(Phrase grounding data)
'''
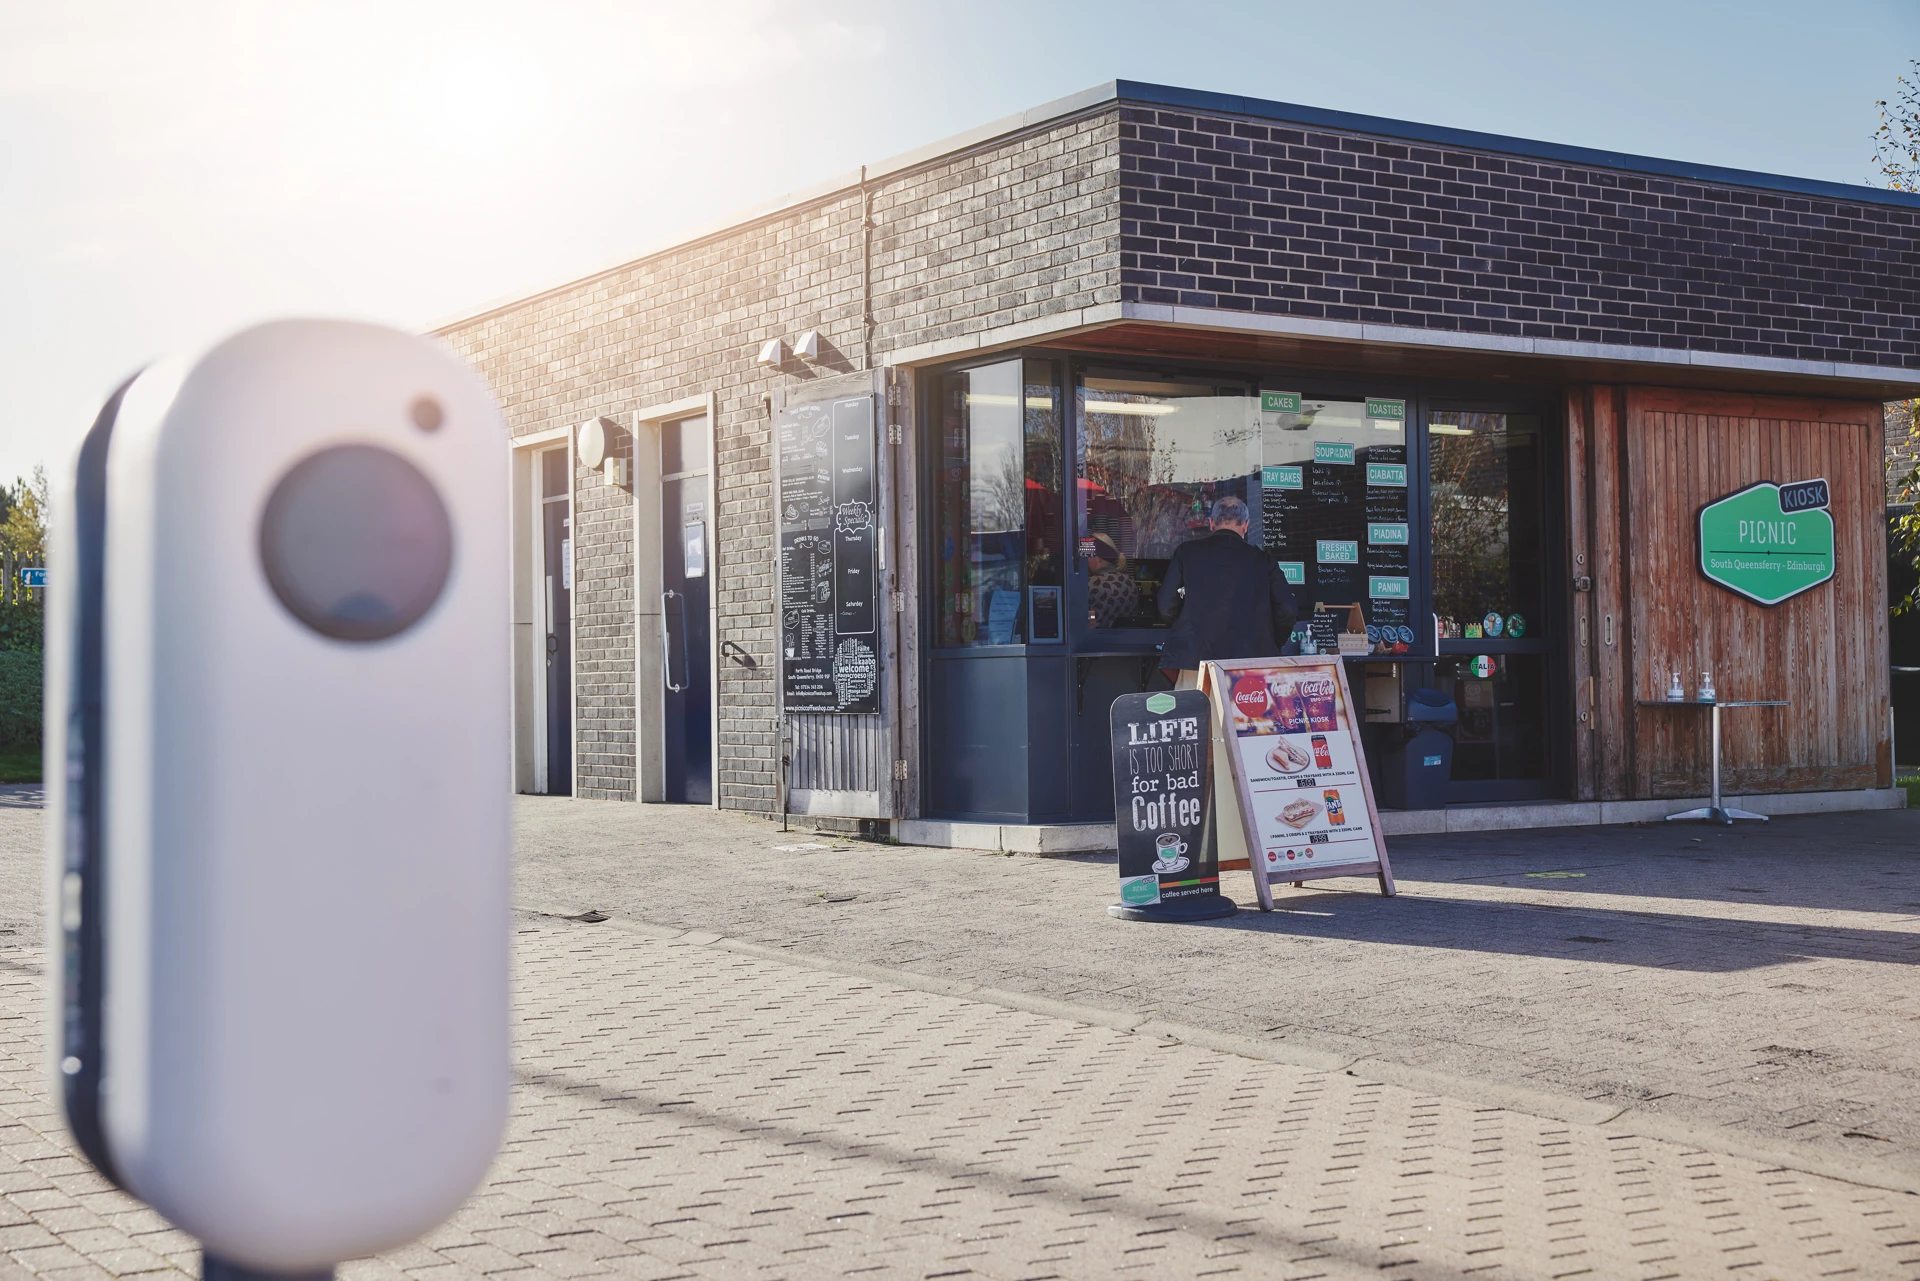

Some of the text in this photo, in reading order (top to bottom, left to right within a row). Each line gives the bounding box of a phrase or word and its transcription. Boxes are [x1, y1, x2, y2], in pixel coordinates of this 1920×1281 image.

[1268, 396, 1293, 408] CAKES
[1368, 403, 1402, 416] TOASTIES
[1316, 447, 1334, 458] SOUP
[1340, 448, 1352, 458] DAY
[1263, 472, 1300, 483] TRAY BAKES
[1370, 469, 1403, 480] CIABATTA
[1784, 486, 1825, 508] KIOSK
[842, 505, 862, 517] Weekly
[843, 516, 865, 527] Specials
[1374, 529, 1402, 539] PIADINA
[1739, 520, 1797, 545] PICNIC
[794, 536, 807, 544] DRINKS
[1321, 543, 1353, 552] FRESHLY
[1325, 552, 1350, 560] BAKED
[1711, 559, 1733, 569] South
[1734, 560, 1781, 571] Queensferry
[1787, 561, 1825, 572] Edinburgh
[1378, 582, 1401, 592] PANINI
[839, 664, 870, 673] welcome
[1301, 679, 1334, 697] Coca-Cola
[1235, 691, 1264, 704] Coca-Cola
[1128, 717, 1198, 745] LIFE
[1129, 743, 1199, 775] IS TOO SHORT
[1132, 771, 1199, 794] for bad
[1132, 792, 1200, 832] Coffee
'''
Down to the last line, set down the data above exactly, and omit all images.

Expected answer:
Some of the text in this photo, in reading order (top to bottom, left to right within a row). Each line gives the bounding box of a phrase or word and its transcription. Boxes are [x1, y1, x2, y2], in pixel coordinates of this 1920×1281 image.

[1268, 396, 1293, 408] CAKES
[1368, 403, 1402, 416] TOASTIES
[1316, 447, 1334, 458] SOUP
[1340, 448, 1352, 458] DAY
[1263, 472, 1300, 483] TRAY BAKES
[1370, 469, 1403, 480] CIABATTA
[1784, 486, 1825, 508] KIOSK
[842, 505, 862, 517] Weekly
[843, 516, 865, 527] Specials
[1374, 529, 1402, 539] PIADINA
[1739, 520, 1797, 545] PICNIC
[794, 536, 807, 544] DRINKS
[1321, 543, 1353, 552] FRESHLY
[1325, 552, 1350, 560] BAKED
[1711, 559, 1733, 569] South
[1734, 560, 1781, 571] Queensferry
[1787, 561, 1825, 572] Edinburgh
[1378, 582, 1401, 592] PANINI
[839, 664, 870, 673] welcome
[1301, 679, 1334, 697] Coca-Cola
[1235, 691, 1264, 704] Coca-Cola
[1128, 717, 1198, 745] LIFE
[1129, 743, 1199, 775] IS TOO SHORT
[1132, 771, 1199, 794] for bad
[1132, 792, 1200, 832] Coffee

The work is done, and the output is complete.